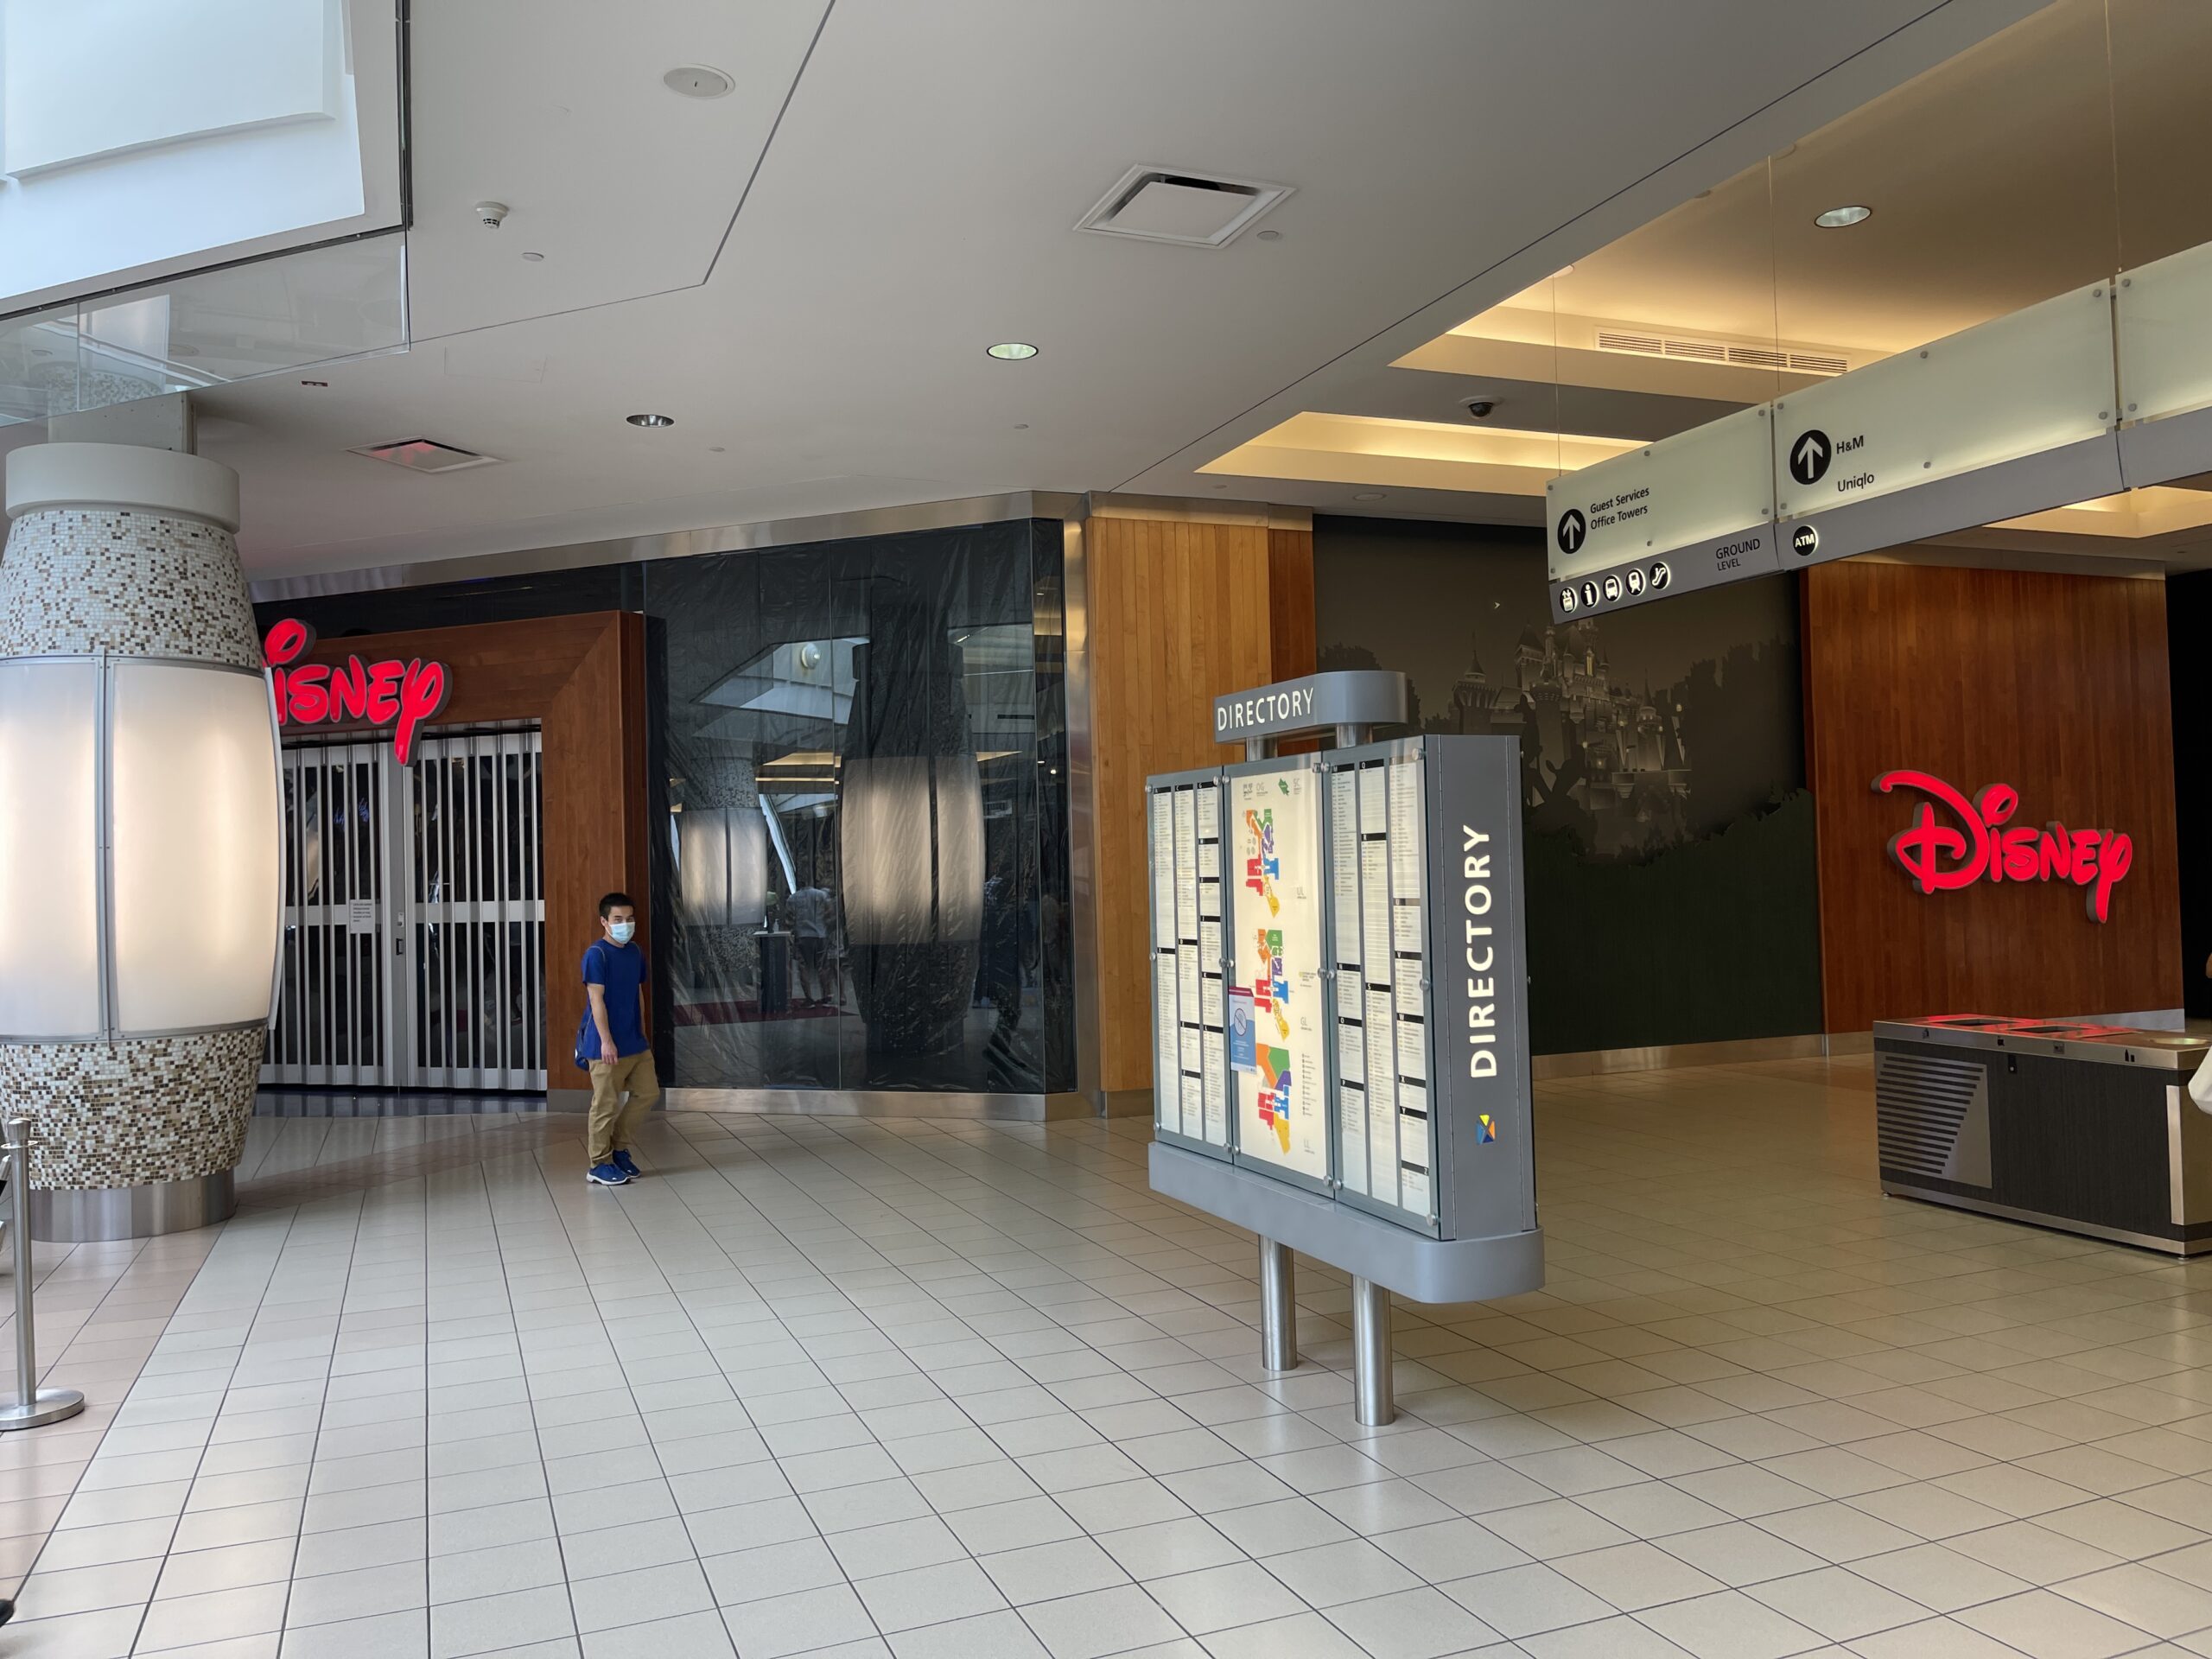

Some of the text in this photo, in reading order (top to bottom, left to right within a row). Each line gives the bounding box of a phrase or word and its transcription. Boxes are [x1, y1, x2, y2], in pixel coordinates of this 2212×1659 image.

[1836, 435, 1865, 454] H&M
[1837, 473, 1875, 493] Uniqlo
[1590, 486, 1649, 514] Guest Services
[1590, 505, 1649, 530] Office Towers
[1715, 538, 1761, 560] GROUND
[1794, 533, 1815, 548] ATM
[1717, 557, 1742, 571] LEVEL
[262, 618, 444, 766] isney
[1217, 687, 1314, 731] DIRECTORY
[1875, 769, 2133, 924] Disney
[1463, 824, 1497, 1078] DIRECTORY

#### [What the exercise asks]
Please print everything in the material exactly, apart from the pictures.

#### [Response to this exercise]
Some of the text in this photo, in reading order (top to bottom, left to right within a row). Each line gives the bounding box of a phrase or word and its transcription. Boxes are [x1, y1, x2, y2], in pixel coordinates of this 2212×1659 image.

[1836, 435, 1865, 454] H&M
[1837, 473, 1875, 493] Uniqlo
[1590, 486, 1649, 514] Guest Services
[1590, 505, 1649, 530] Office Towers
[1715, 538, 1761, 560] GROUND
[1794, 533, 1815, 548] ATM
[1717, 557, 1742, 571] LEVEL
[262, 618, 444, 766] isney
[1217, 687, 1314, 731] DIRECTORY
[1875, 769, 2133, 924] Disney
[1463, 824, 1497, 1078] DIRECTORY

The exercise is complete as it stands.